▶ [WHAT IS BEING ASKED]: Every line below must be reproduced exactly; no pictures are to be included.

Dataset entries
= Beginning of Section =

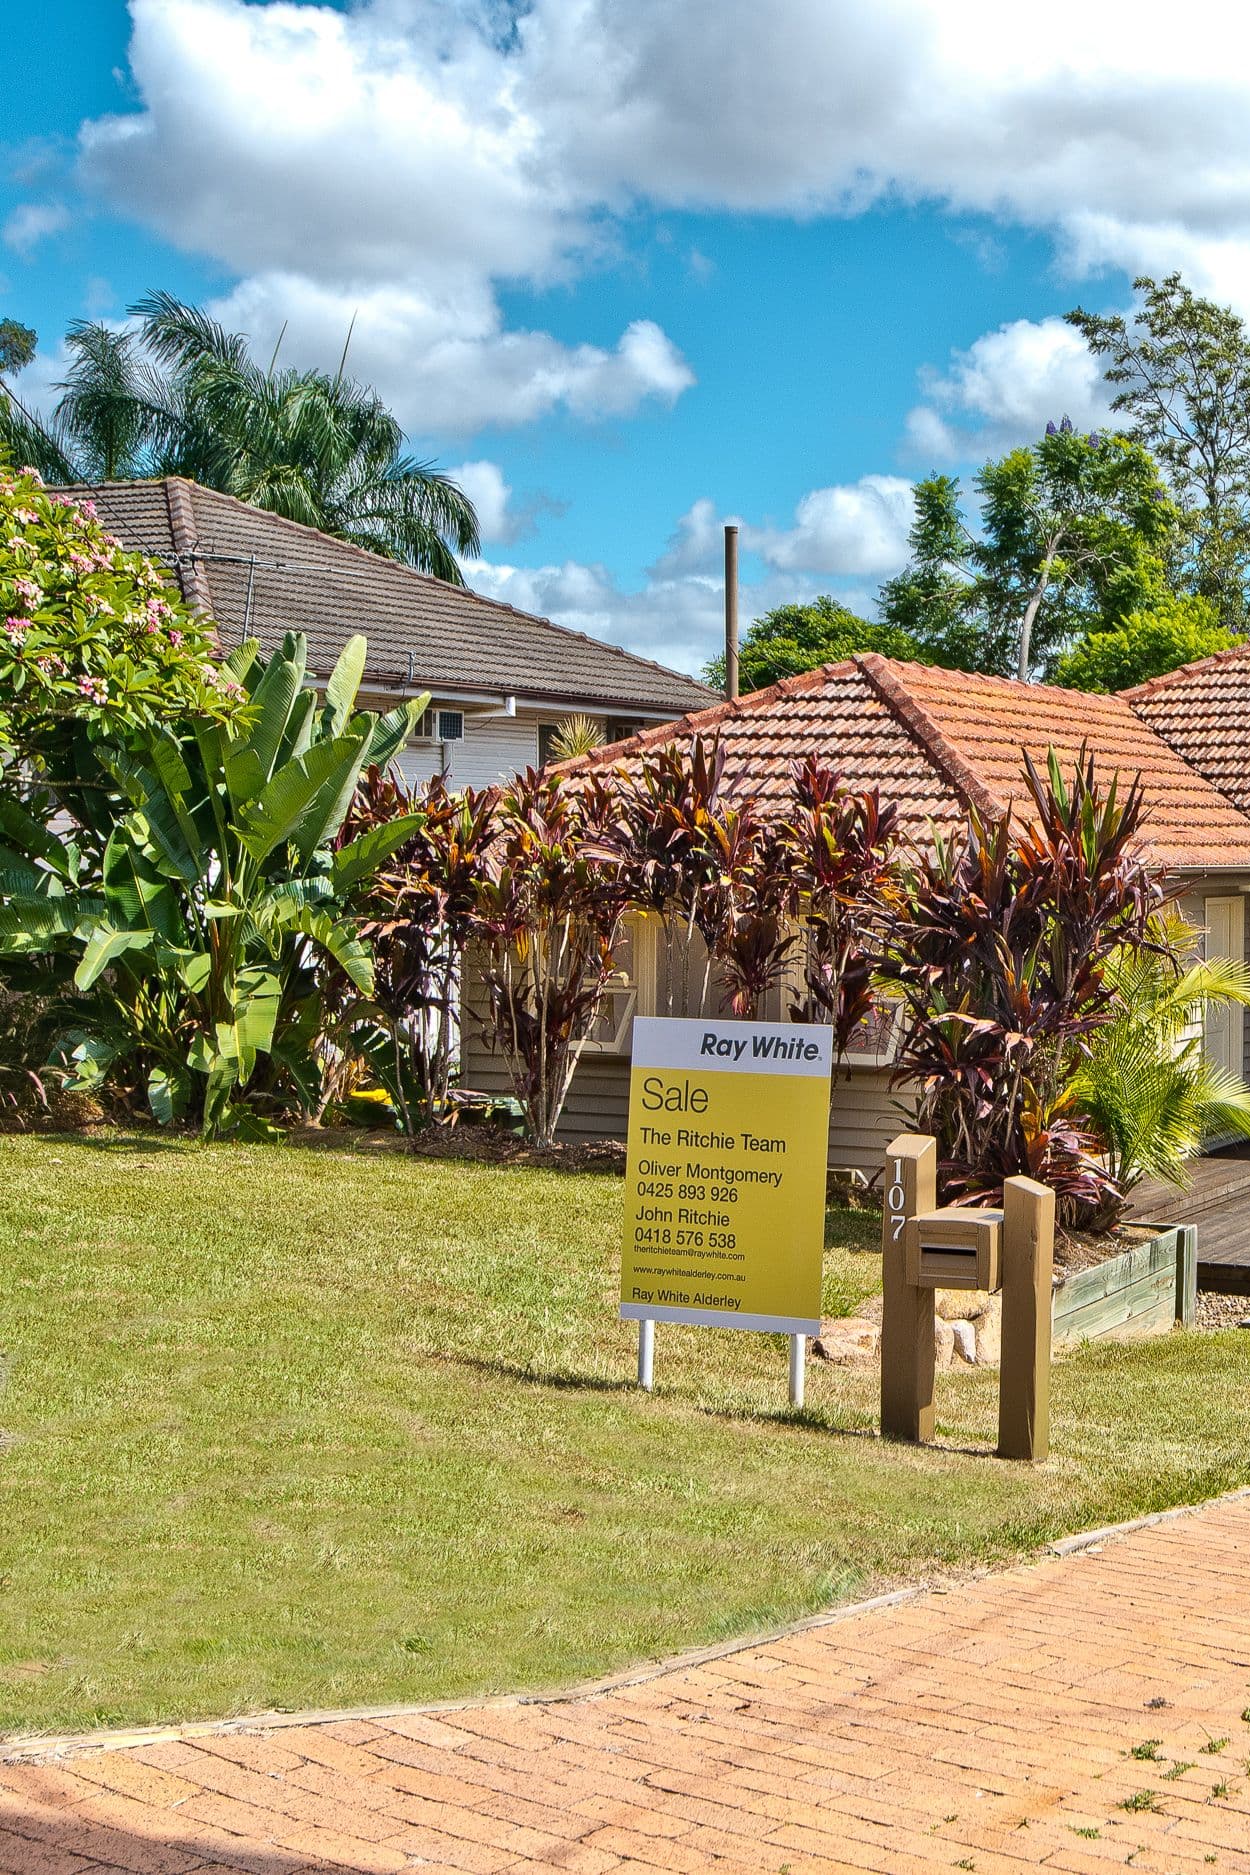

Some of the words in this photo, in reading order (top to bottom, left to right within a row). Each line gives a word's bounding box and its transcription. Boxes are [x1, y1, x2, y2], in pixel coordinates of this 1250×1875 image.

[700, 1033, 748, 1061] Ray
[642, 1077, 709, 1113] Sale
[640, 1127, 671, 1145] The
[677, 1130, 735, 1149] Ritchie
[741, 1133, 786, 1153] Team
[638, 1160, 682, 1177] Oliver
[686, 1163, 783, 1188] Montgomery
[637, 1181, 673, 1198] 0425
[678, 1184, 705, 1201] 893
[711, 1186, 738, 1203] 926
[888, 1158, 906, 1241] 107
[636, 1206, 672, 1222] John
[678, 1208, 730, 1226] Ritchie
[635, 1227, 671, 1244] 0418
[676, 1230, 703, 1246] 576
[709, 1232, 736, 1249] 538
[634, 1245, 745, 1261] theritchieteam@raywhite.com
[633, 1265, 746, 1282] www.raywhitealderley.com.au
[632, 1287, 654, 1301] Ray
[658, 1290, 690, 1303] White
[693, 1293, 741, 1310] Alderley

= End of Section =

▶ [RESPONSE AREA]:
Some of the words in this photo, in reading order (top to bottom, left to right within a row). Each line gives a word's bounding box and its transcription. Boxes are [x1, y1, x2, y2], in pixel coordinates of this 1250×1875 image.

[700, 1033, 748, 1061] Ray
[642, 1077, 709, 1113] Sale
[640, 1127, 671, 1145] The
[677, 1130, 735, 1149] Ritchie
[741, 1133, 786, 1153] Team
[638, 1160, 682, 1177] Oliver
[686, 1163, 783, 1188] Montgomery
[637, 1181, 673, 1198] 0425
[678, 1184, 705, 1201] 893
[711, 1186, 738, 1203] 926
[888, 1158, 906, 1241] 107
[636, 1206, 672, 1222] John
[678, 1208, 730, 1226] Ritchie
[635, 1227, 671, 1244] 0418
[676, 1230, 703, 1246] 576
[709, 1232, 736, 1249] 538
[634, 1245, 745, 1261] theritchieteam@raywhite.com
[633, 1265, 746, 1282] www.raywhitealderley.com.au
[632, 1287, 654, 1301] Ray
[658, 1290, 690, 1303] White
[693, 1293, 741, 1310] Alderley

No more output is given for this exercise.